どうにかしないと、どうにかしないと本当に二人が殺されてしまう。
土下座でも何でもするからとどうにか、そんな懇願をしようとシンを見た時だった。
「え?」
シンの両頬が膨らんでいた。
それはまるで笑いを必死に堪えているように見える。
…………!
「――っ、騙したな!」
「ぶはははははははははは!」
盛大なシンの笑い声に俺の頬が急激に熱を帯びる。
そんな中、
「当たる分けねぇだろ、あんな答え」
「少なくとも命掛かっていたはずよね」
なんで、どうして、この二人は敵対していたはずで、何でシンと共謀しているわけ、わけがわからない。
それでも訳が分からない状況の中でも、導き出していた答えに戻される。
「そうだ。これからこの世界でお前さんが起こりうる状況でもある。タダシ、お前さんの現在の状況は分からないままだ。できる事の中の選択肢を私は一つだけ身に付けさせる事が出たが、それが理不尽な状況下で役に立つとは限らん」
その時に俺は後悔しない為にしなければいけない事。
ある意味では、先ほどのツッコミは正解でもある。
それでも俺が強くなるって未来がどうしても見る事が出来ない。何度も言うように、物語の主人公のような行動に移るにはあまりにも歳をとりすぎている。
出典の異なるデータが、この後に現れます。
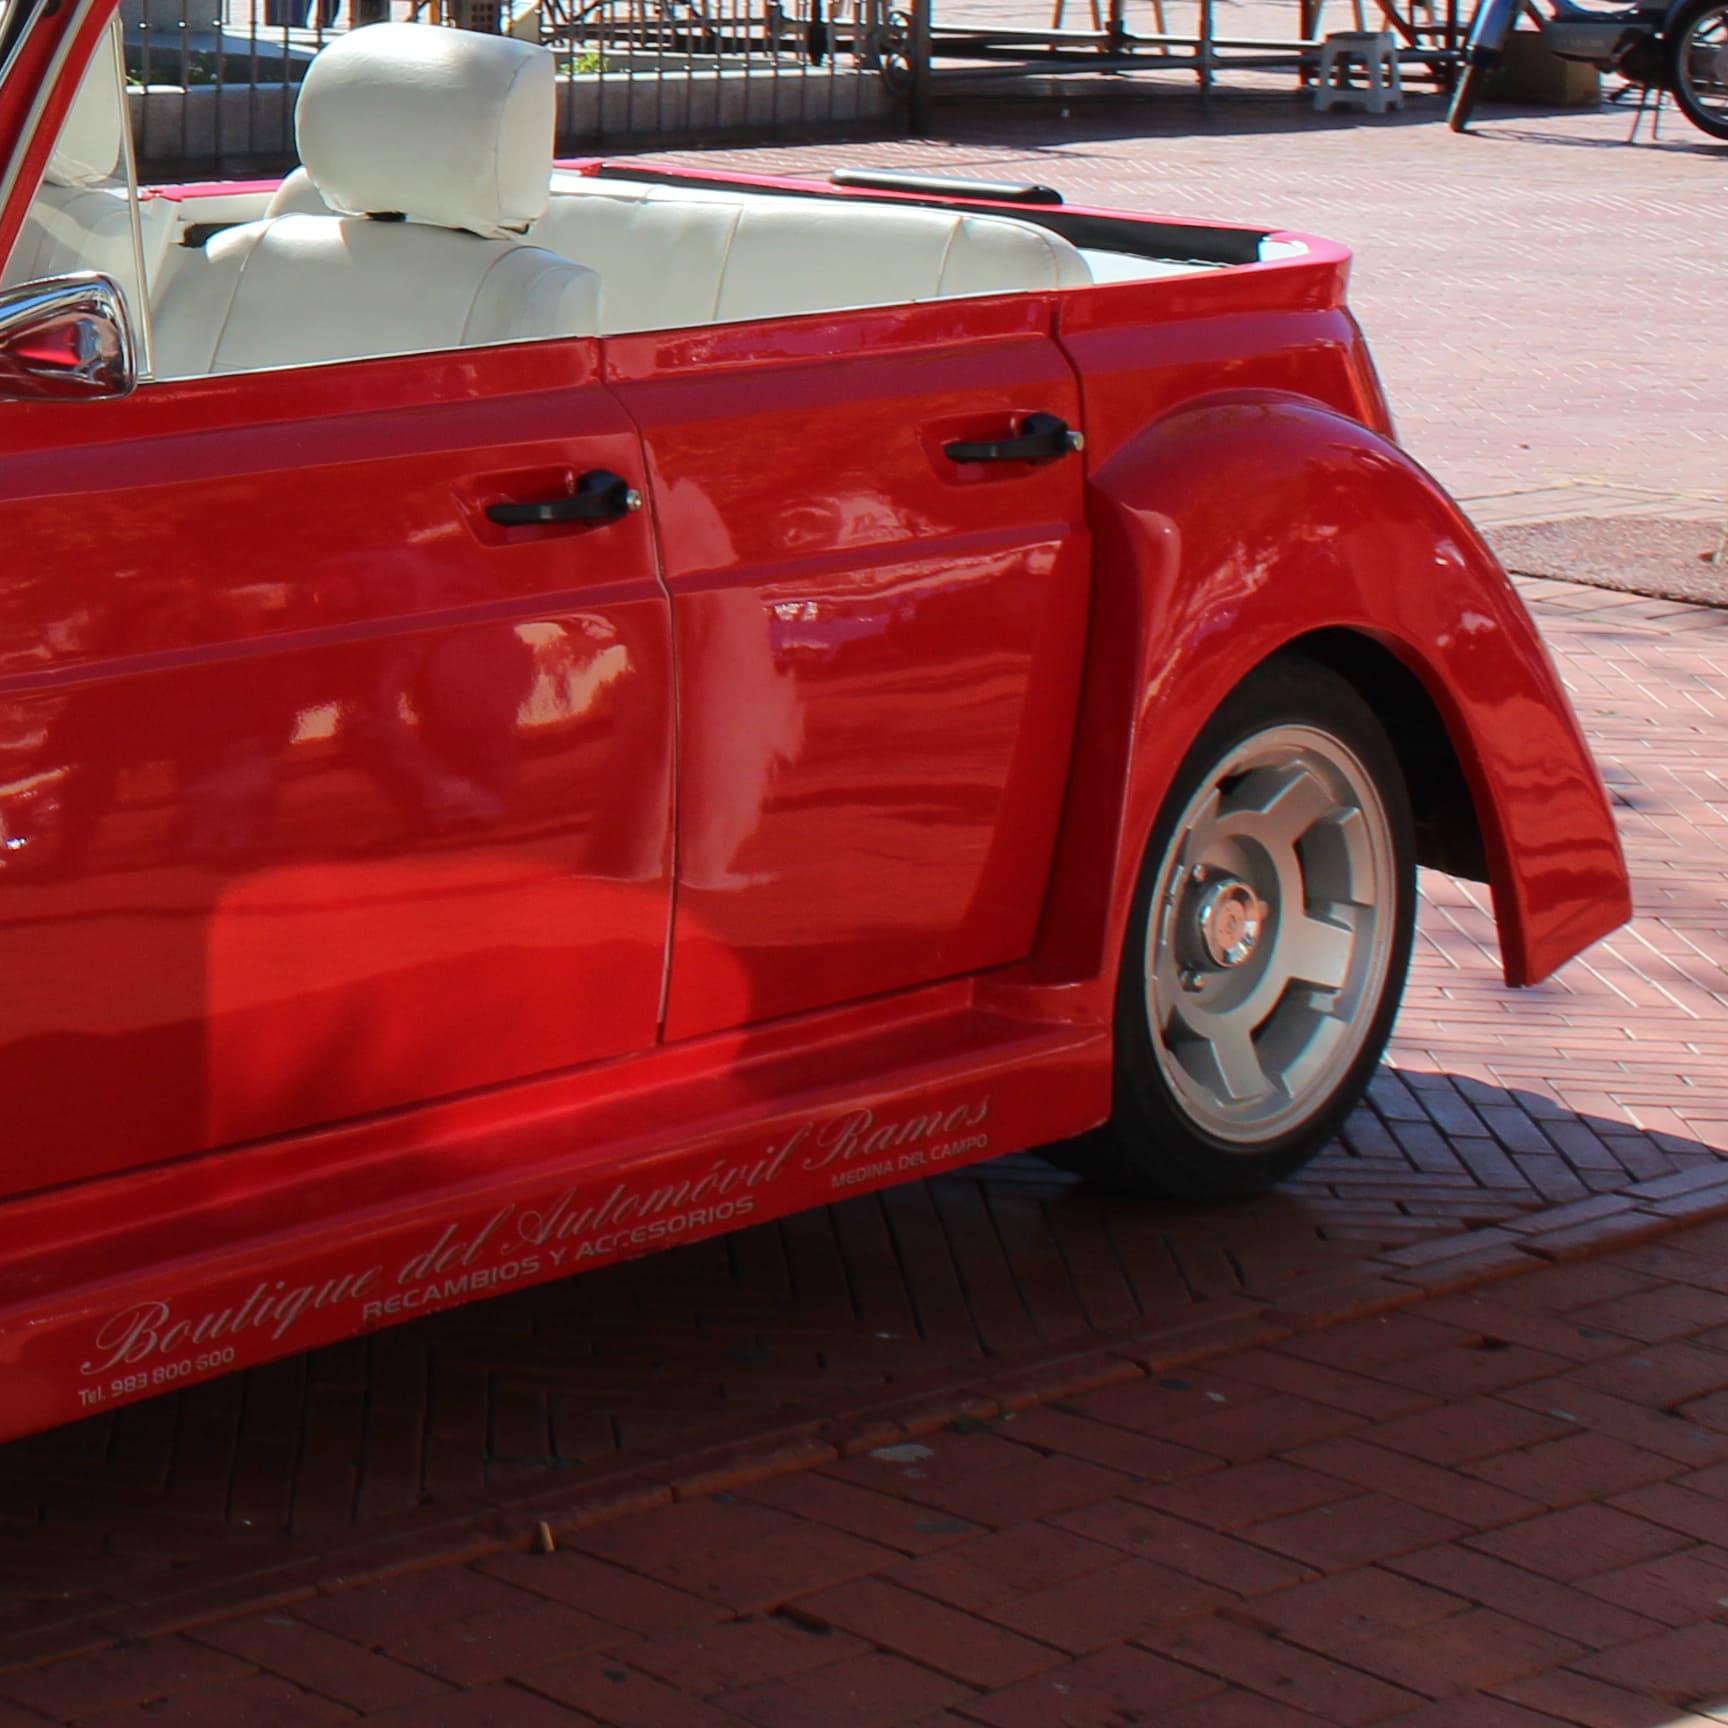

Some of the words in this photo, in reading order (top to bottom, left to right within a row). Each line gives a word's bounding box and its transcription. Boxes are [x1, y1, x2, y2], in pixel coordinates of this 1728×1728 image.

[831, 1160, 895, 1189] MEDINA
[898, 1151, 927, 1172] DEL
[930, 1133, 988, 1161] CAMPO
[79, 1265, 384, 1375] Boutique
[397, 1203, 517, 1286] del
[499, 1122, 815, 1256] Automóvil
[801, 1095, 992, 1170] Ramos
[362, 1255, 540, 1321] RECAMBIOS
[548, 1245, 568, 1267] Y
[78, 1385, 106, 1406] Tel.
[111, 1372, 148, 1398] 983
[152, 1358, 192, 1384] 800
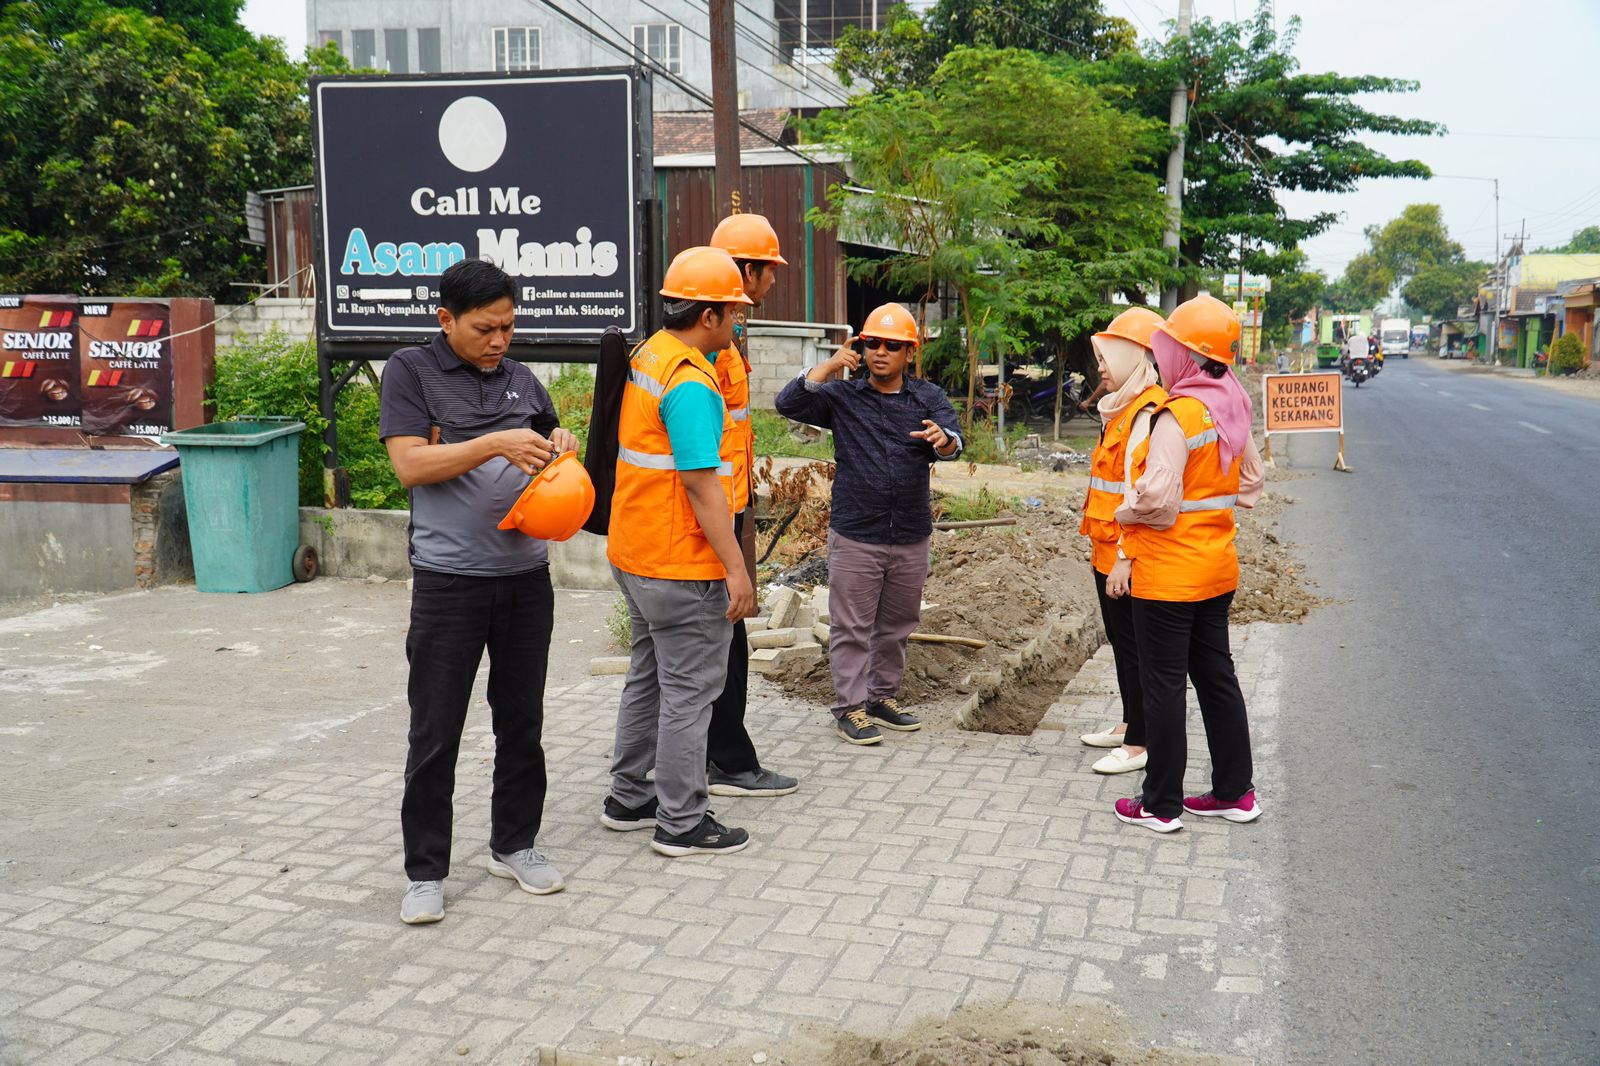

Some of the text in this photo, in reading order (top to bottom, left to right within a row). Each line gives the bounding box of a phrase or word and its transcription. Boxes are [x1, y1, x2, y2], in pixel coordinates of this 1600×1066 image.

[410, 187, 542, 216] Call Me
[340, 226, 619, 277] Asam Manis
[536, 289, 624, 299] callme asammanis
[83, 305, 108, 315] NEW
[337, 303, 349, 314] Jl.
[351, 303, 376, 316] Raya
[377, 304, 427, 316] Ngemplak
[513, 305, 554, 318] ulangan
[555, 305, 579, 316] Kab.
[580, 305, 625, 318] Sidoarjo
[2, 332, 73, 350] SENIOR
[46, 352, 70, 360] LATTE
[88, 341, 162, 359] SENIOR
[134, 361, 159, 369] LATTE
[1278, 381, 1329, 394] KURANGI
[1272, 395, 1335, 408] KECEPATAN
[1274, 409, 1334, 422] SEKARANG
言い訳にしかならないけど、俺には流行りのチート能力も存在してなければ、それを使いこなすだけの頭もない。
「……俺は戦えないよ」
情けなくても、それが正直な感想だった。
「んなことは分かっておる」
「え?」
「ただ、そこで足踏みしているようではお前さんが苦しむ事態はやってくる」
「でも、それじゃあ」
「強くはなれ、しかし戦う力じゃなくてもお前さんならいいのだろう」
強さの意味。それを考えさせられた。
「逃げるにも強さがいるってことね……」
この世界に来てから得ていた源素が使えなくなった今、それに似た力は必要だという事。
考えていなかったわけではない。
しかし、思い付かないまま、シンとの修行で思いつくかと頑張っていたつもりだ。
そして、今、シンがそれを俺に話すということは、シンの中にもその手段がないという事なんだろう。
「結局、振り出しじゃん」
「世界は広いという事だ」
それって世界を旅しろって事?
「うわぁ、一番苦手な奴じゃん」
それを最後にシンは笑っていた。
すると、
「なんの話をしているかわからないけど、そろそろ口を挟ましてもらうわ」
大人しくしていたマリージュカが加わってきた。
「状況から、私たちはここで見逃してもらえるってことよね」
ラークは敗者であることを噛みしめているのかただ大人しく聞く。
「当然、タダってわけじゃないんでしょ」
もちろんと言ったシンは、マリージュカ以上の暗躍の話しを始めたのだった。
残り数話で6巻が終わります。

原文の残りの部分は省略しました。